CRISPR biosensing with lateral flow assays for point of care Diagnostics: Overcoming commercial development challenges
Tim Hall, Sneha Gulati, Rui Sang, Zhengyang Jia, Flyn Mckinnirey, Graham Vesey, Ewa M. Goldys, Fei Deng
Abstract
The combination of lateral flow assays (LFAs) with CRISPR biosensing technologies offers a new frontier in point-of-care (POC) diagnostics. LFAs are widely used for their simplicity, rapid results, and ease of use, enabling detection of various targets including proteins and nucleic acids. However, traditional LFAs often struggle with sensitivity, especially in detecting viral nucleic acids like SARS-CoV-2. CRISPR biosensing systems, particularly those using Cas12 and Cas13 effectors, enhance LFA performance by providing highly sensitive and specific detection of nucleic acids. These effectors, upon recognizing a target sequence, trigger collateral cleavage activity, amplifying the detection signal.
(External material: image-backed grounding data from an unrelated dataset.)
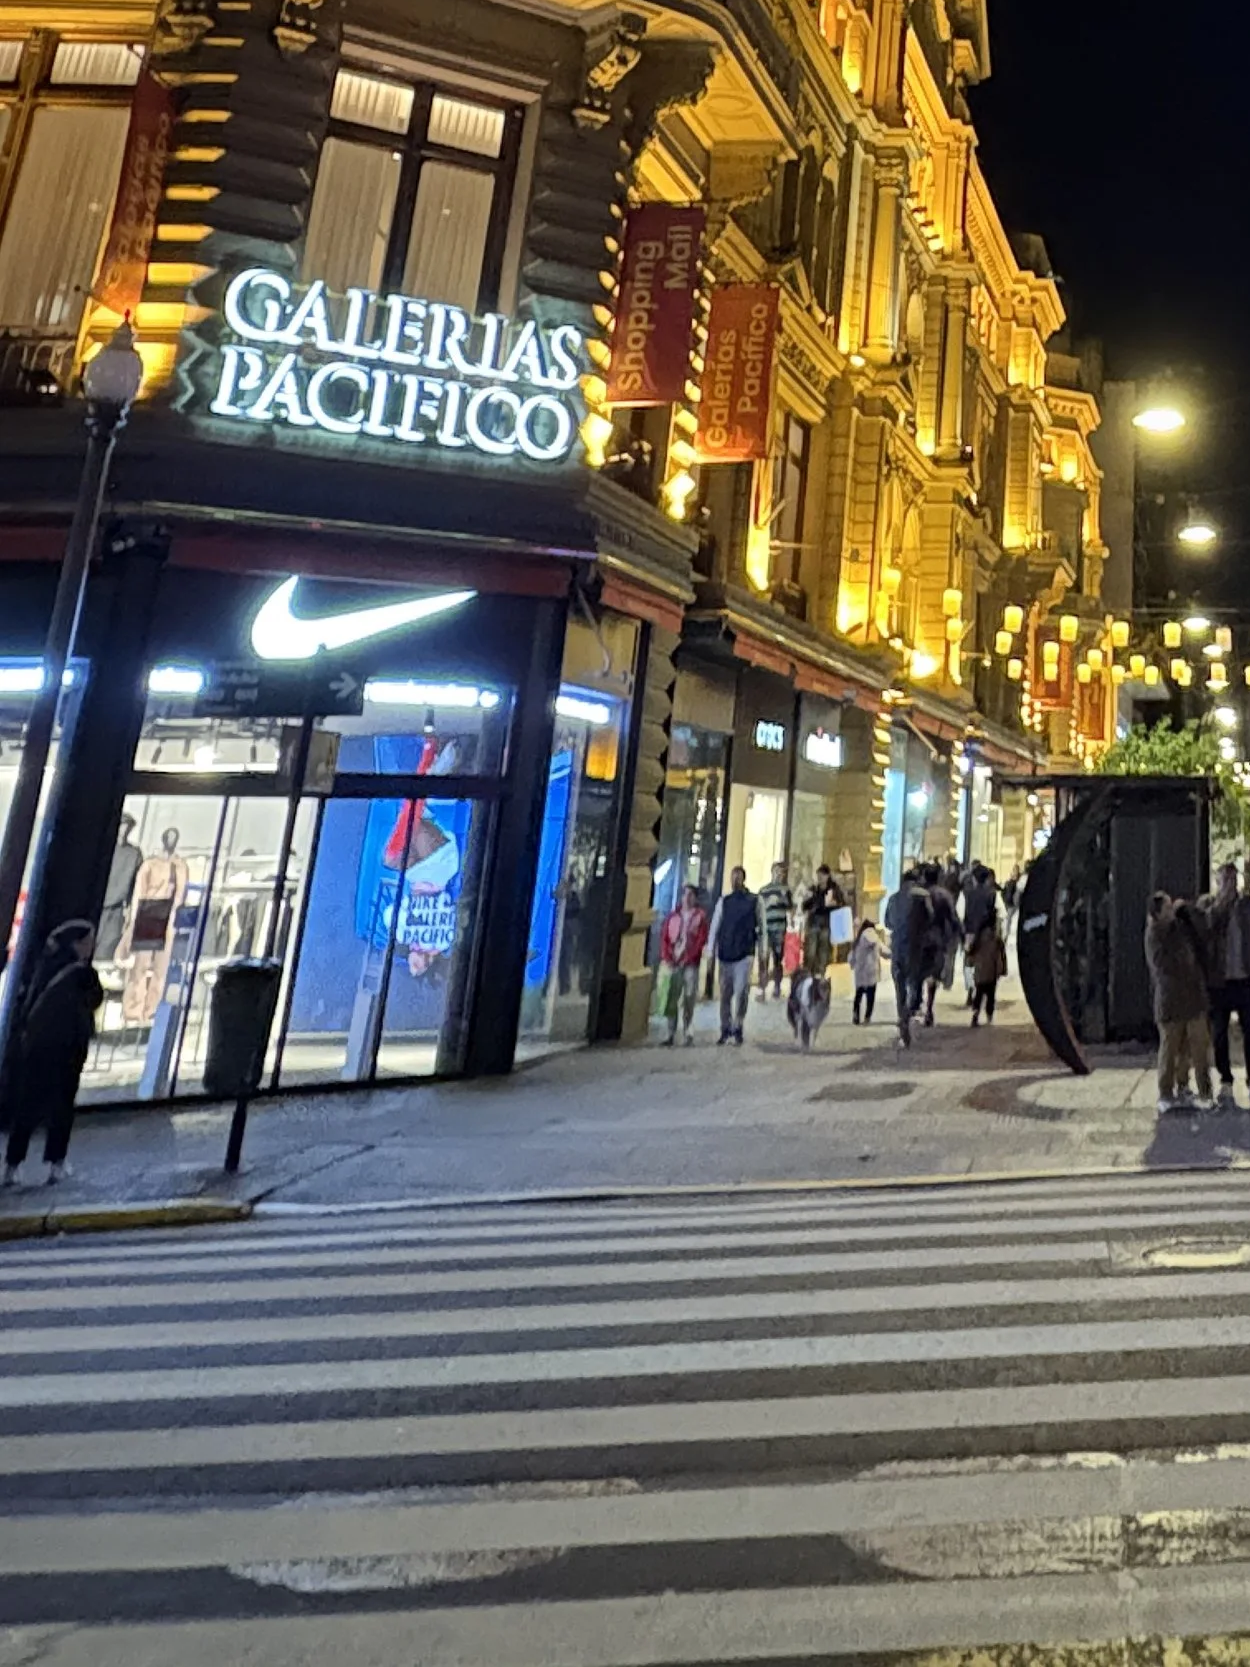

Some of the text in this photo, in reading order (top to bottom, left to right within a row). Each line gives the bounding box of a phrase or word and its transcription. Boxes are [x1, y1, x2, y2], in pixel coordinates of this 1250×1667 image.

[616, 239, 665, 392] Shopping
[664, 225, 694, 290] Mall
[224, 267, 582, 389] GALERIAS
[209, 344, 573, 460] PACIFICO
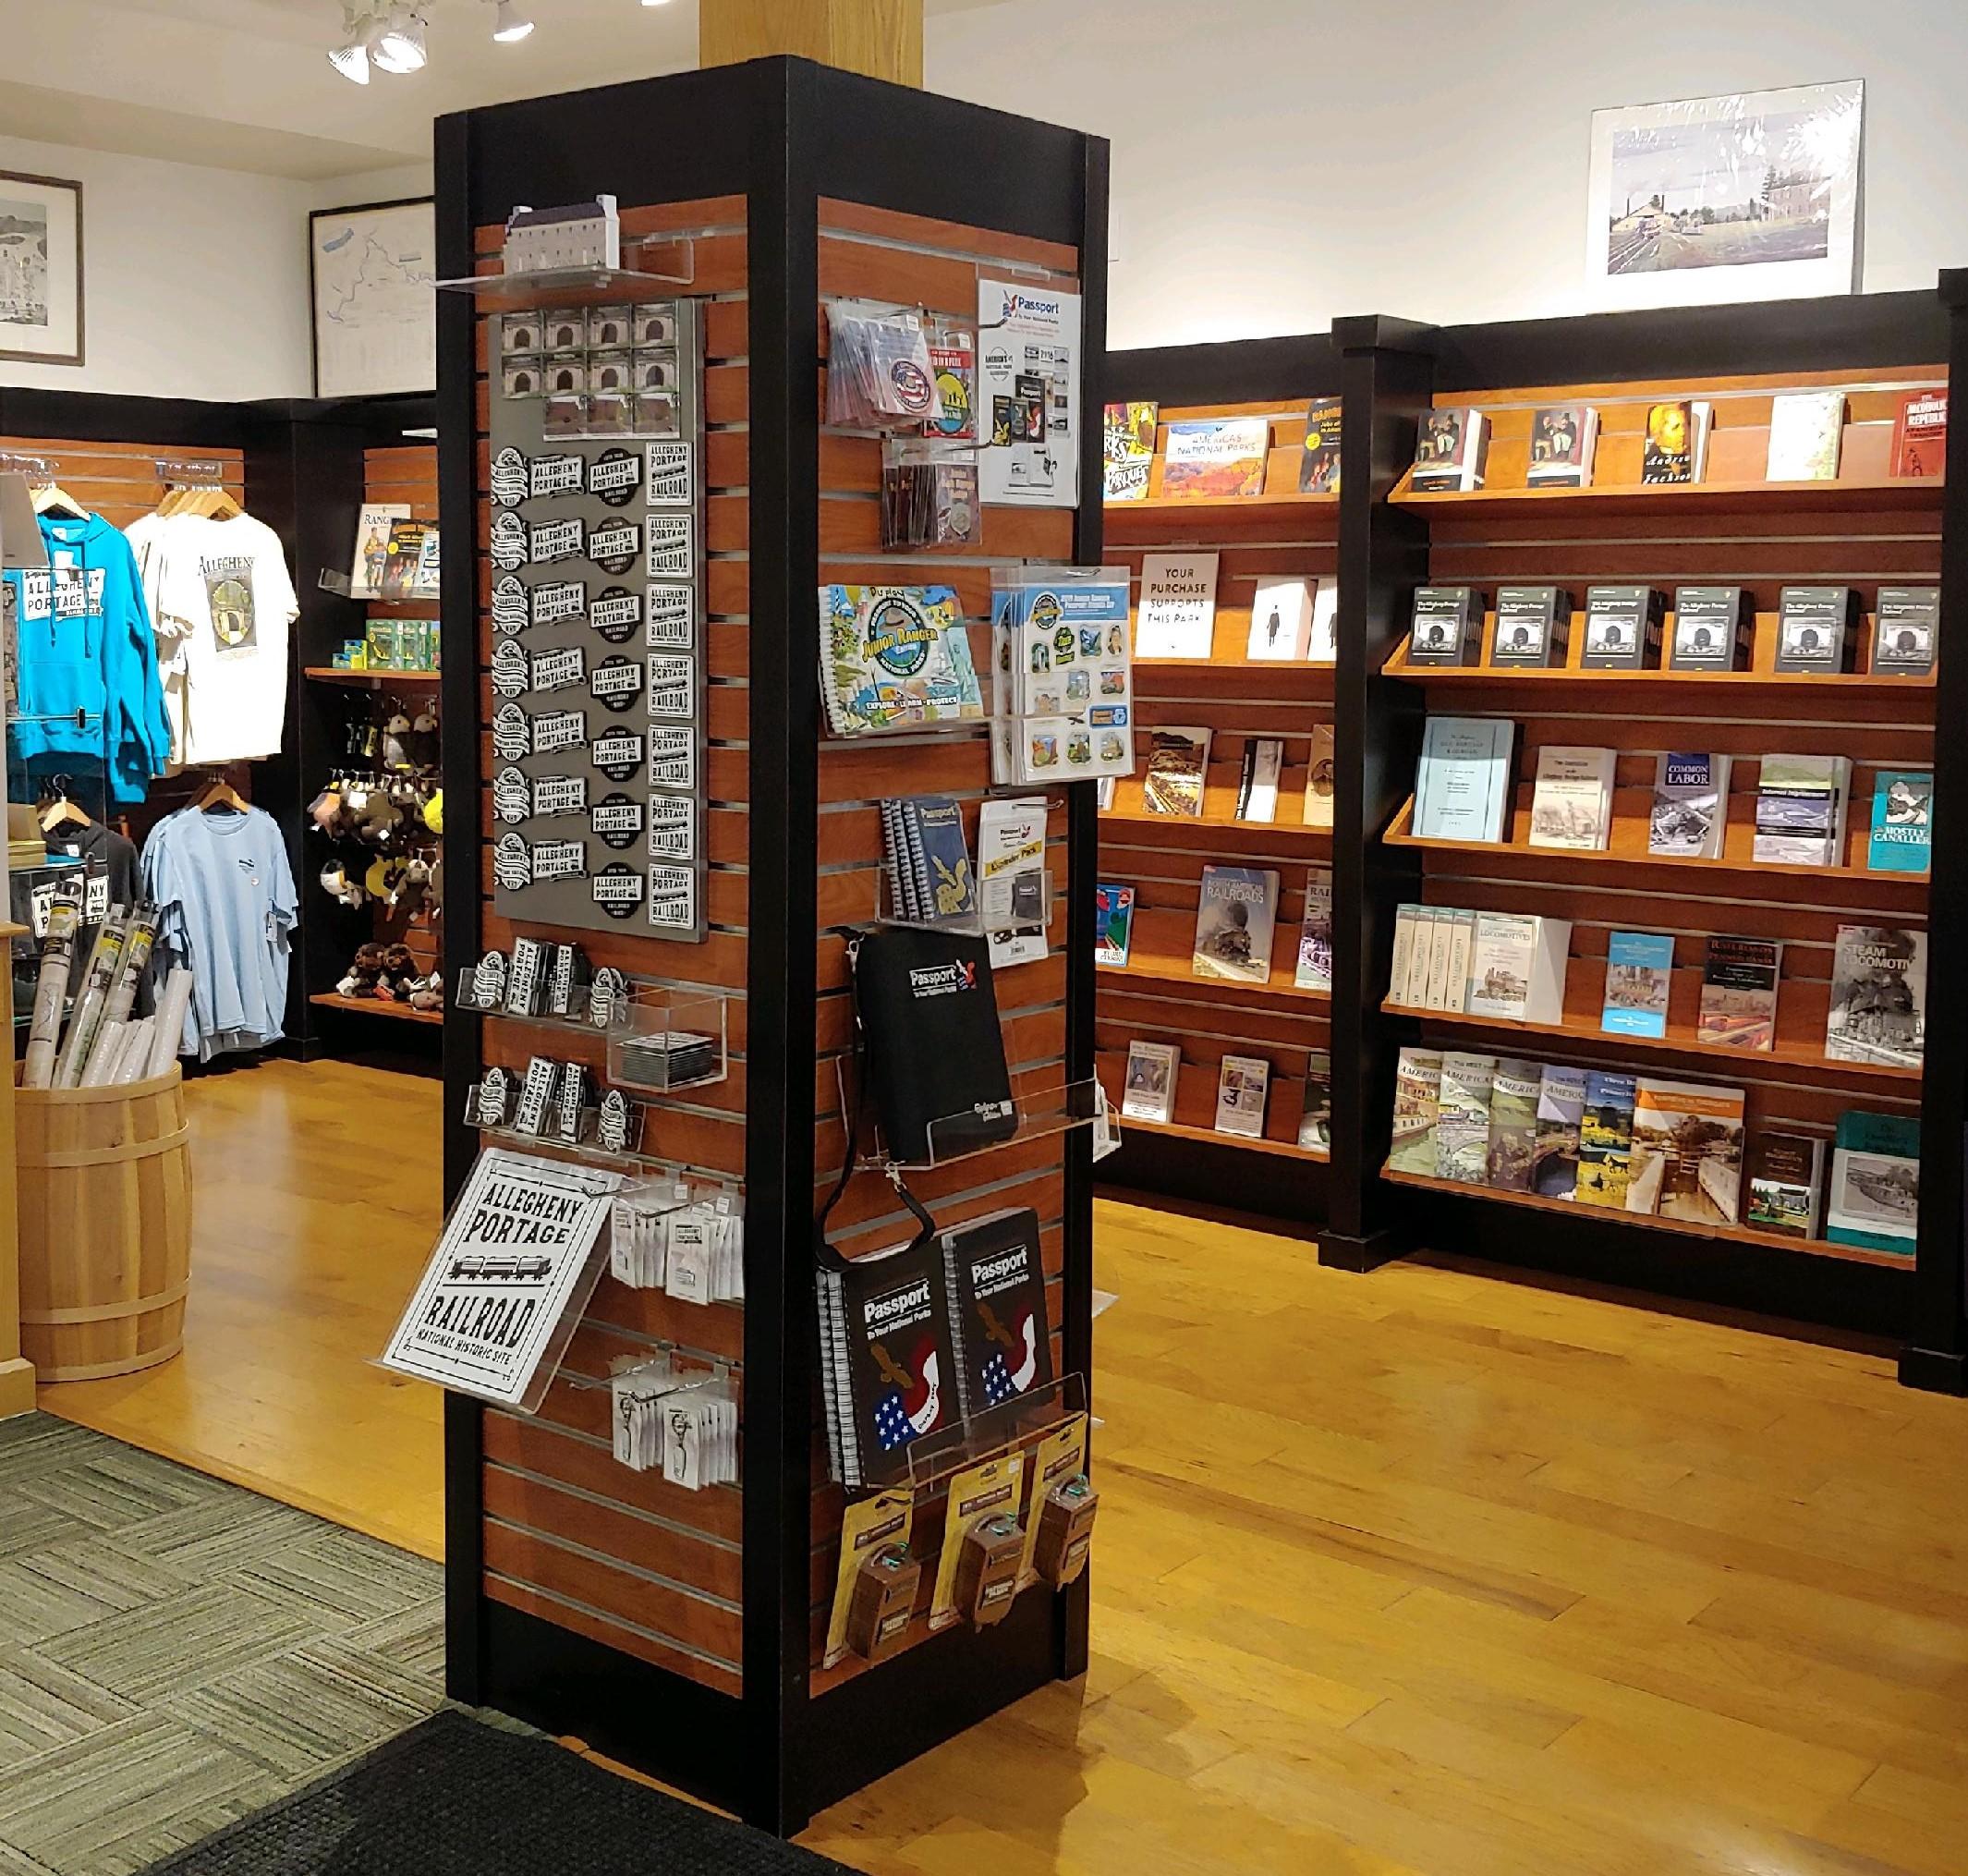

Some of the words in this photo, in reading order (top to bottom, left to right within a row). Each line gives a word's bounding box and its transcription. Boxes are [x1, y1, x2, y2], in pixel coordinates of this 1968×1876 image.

This approach has been used in diagnostic tools such as DETECTR (Cas12a) and SHERLOCK (Cas13a), which have shown PCR-level sensitivity and specificity for detecting viral RNA, including SARS-CoV-2, with faster and more cost-effective results. By integrating CRISPR technologies into LFAs, these hybrid systems are poised to offer powerful solutions for sensitive, low-cost, and user-friendly diagnostics, especially in resource-limited settings. This review summarizes the recent advancements in CRISPR-based LFAs, exploring their mechanisms, advantages, and limitations. In addition, this review also outlines the commercial development challenges and discussed the future prospects. • CRISPR based LFAs offers a new frontier in POC diagnostics. • CRISPR based LFAs represents a significant commercial opportunity. • CRISPR based LFAs is able to realize multiplex detection without preamplification.